*** Given information

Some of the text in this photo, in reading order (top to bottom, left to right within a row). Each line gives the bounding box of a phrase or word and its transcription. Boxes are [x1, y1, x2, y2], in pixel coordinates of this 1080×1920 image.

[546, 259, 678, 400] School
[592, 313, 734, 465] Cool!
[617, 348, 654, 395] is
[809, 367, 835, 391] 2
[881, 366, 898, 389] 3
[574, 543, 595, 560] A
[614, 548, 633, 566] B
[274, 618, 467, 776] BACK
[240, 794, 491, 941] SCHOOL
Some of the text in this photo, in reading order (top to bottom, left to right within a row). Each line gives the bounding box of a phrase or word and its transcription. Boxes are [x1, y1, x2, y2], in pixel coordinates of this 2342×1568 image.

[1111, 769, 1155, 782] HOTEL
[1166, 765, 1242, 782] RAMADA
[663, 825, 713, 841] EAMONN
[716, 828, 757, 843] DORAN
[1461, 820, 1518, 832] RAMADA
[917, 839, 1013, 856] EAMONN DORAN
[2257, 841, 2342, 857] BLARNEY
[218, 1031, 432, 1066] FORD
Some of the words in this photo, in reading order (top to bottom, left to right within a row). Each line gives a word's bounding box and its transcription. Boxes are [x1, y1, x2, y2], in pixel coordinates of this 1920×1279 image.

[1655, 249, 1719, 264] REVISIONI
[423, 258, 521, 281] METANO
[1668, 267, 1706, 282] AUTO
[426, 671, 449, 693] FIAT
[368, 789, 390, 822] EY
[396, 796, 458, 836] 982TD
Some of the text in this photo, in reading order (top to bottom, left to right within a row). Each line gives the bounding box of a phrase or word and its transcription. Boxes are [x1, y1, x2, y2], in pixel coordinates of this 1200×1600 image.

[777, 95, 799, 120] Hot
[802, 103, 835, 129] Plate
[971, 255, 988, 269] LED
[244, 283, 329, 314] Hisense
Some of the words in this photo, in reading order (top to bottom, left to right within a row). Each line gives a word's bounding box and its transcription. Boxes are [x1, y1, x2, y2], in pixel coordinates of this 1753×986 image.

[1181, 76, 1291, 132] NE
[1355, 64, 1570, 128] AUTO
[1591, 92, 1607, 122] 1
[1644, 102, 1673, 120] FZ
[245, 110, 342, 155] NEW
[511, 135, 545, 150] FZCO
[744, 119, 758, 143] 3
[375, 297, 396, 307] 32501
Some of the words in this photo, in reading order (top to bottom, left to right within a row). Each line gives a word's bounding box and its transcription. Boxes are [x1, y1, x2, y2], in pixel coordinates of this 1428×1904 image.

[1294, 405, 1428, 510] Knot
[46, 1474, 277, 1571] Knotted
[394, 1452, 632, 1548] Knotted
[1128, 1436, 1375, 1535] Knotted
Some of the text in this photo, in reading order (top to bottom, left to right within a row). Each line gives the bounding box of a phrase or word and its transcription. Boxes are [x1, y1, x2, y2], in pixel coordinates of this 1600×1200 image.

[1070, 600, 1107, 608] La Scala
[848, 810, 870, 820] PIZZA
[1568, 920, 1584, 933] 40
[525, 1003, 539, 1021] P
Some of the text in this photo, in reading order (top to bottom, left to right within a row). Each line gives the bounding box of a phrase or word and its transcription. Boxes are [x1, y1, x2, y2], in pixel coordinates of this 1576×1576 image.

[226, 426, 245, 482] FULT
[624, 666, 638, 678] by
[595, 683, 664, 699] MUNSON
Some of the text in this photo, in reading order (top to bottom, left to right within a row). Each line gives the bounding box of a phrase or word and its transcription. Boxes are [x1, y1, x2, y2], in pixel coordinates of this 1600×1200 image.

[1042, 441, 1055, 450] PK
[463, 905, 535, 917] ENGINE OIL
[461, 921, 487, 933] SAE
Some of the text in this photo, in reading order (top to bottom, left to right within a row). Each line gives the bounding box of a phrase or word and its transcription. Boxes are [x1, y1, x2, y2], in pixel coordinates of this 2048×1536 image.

******

▸ **Task description**
Give the records above again, word for word.

▸ **Task response**
Some of the text in this photo, in reading order (top to bottom, left to right within a row). Each line gives the bounding box of a phrase or word and its transcription. Boxes are [x1, y1, x2, y2], in pixel coordinates of this 1080×1920 image.

[546, 259, 678, 400] School
[592, 313, 734, 465] Cool!
[617, 348, 654, 395] is
[809, 367, 835, 391] 2
[881, 366, 898, 389] 3
[574, 543, 595, 560] A
[614, 548, 633, 566] B
[274, 618, 467, 776] BACK
[240, 794, 491, 941] SCHOOL
Some of the text in this photo, in reading order (top to bottom, left to right within a row). Each line gives the bounding box of a phrase or word and its transcription. Boxes are [x1, y1, x2, y2], in pixel coordinates of this 2342×1568 image.

[1111, 769, 1155, 782] HOTEL
[1166, 765, 1242, 782] RAMADA
[663, 825, 713, 841] EAMONN
[716, 828, 757, 843] DORAN
[1461, 820, 1518, 832] RAMADA
[917, 839, 1013, 856] EAMONN DORAN
[2257, 841, 2342, 857] BLARNEY
[218, 1031, 432, 1066] FORD
Some of the words in this photo, in reading order (top to bottom, left to right within a row). Each line gives a word's bounding box and its transcription. Boxes are [x1, y1, x2, y2], in pixel coordinates of this 1920×1279 image.

[1655, 249, 1719, 264] REVISIONI
[423, 258, 521, 281] METANO
[1668, 267, 1706, 282] AUTO
[426, 671, 449, 693] FIAT
[368, 789, 390, 822] EY
[396, 796, 458, 836] 982TD
Some of the text in this photo, in reading order (top to bottom, left to right within a row). Each line gives the bounding box of a phrase or word and its transcription. Boxes are [x1, y1, x2, y2], in pixel coordinates of this 1200×1600 image.

[777, 95, 799, 120] Hot
[802, 103, 835, 129] Plate
[971, 255, 988, 269] LED
[244, 283, 329, 314] Hisense
Some of the words in this photo, in reading order (top to bottom, left to right within a row). Each line gives a word's bounding box and its transcription. Boxes are [x1, y1, x2, y2], in pixel coordinates of this 1753×986 image.

[1181, 76, 1291, 132] NE
[1355, 64, 1570, 128] AUTO
[1591, 92, 1607, 122] 1
[1644, 102, 1673, 120] FZ
[245, 110, 342, 155] NEW
[511, 135, 545, 150] FZCO
[744, 119, 758, 143] 3
[375, 297, 396, 307] 32501
Some of the words in this photo, in reading order (top to bottom, left to right within a row). Each line gives a word's bounding box and its transcription. Boxes are [x1, y1, x2, y2], in pixel coordinates of this 1428×1904 image.

[1294, 405, 1428, 510] Knot
[46, 1474, 277, 1571] Knotted
[394, 1452, 632, 1548] Knotted
[1128, 1436, 1375, 1535] Knotted
Some of the text in this photo, in reading order (top to bottom, left to right within a row). Each line gives the bounding box of a phrase or word and its transcription. Boxes are [x1, y1, x2, y2], in pixel coordinates of this 1600×1200 image.

[1070, 600, 1107, 608] La Scala
[848, 810, 870, 820] PIZZA
[1568, 920, 1584, 933] 40
[525, 1003, 539, 1021] P
Some of the text in this photo, in reading order (top to bottom, left to right within a row). Each line gives the bounding box of a phrase or word and its transcription. Boxes are [x1, y1, x2, y2], in pixel coordinates of this 1576×1576 image.

[226, 426, 245, 482] FULT
[624, 666, 638, 678] by
[595, 683, 664, 699] MUNSON
Some of the text in this photo, in reading order (top to bottom, left to right within a row). Each line gives the bounding box of a phrase or word and its transcription. Boxes are [x1, y1, x2, y2], in pixel coordinates of this 1600×1200 image.

[1042, 441, 1055, 450] PK
[463, 905, 535, 917] ENGINE OIL
[461, 921, 487, 933] SAE
Some of the text in this photo, in reading order (top to bottom, left to right within a row). Each line gives the bounding box of a phrase or word and its transcription. Boxes are [x1, y1, x2, y2], in pixel coordinates of this 2048×1536 image.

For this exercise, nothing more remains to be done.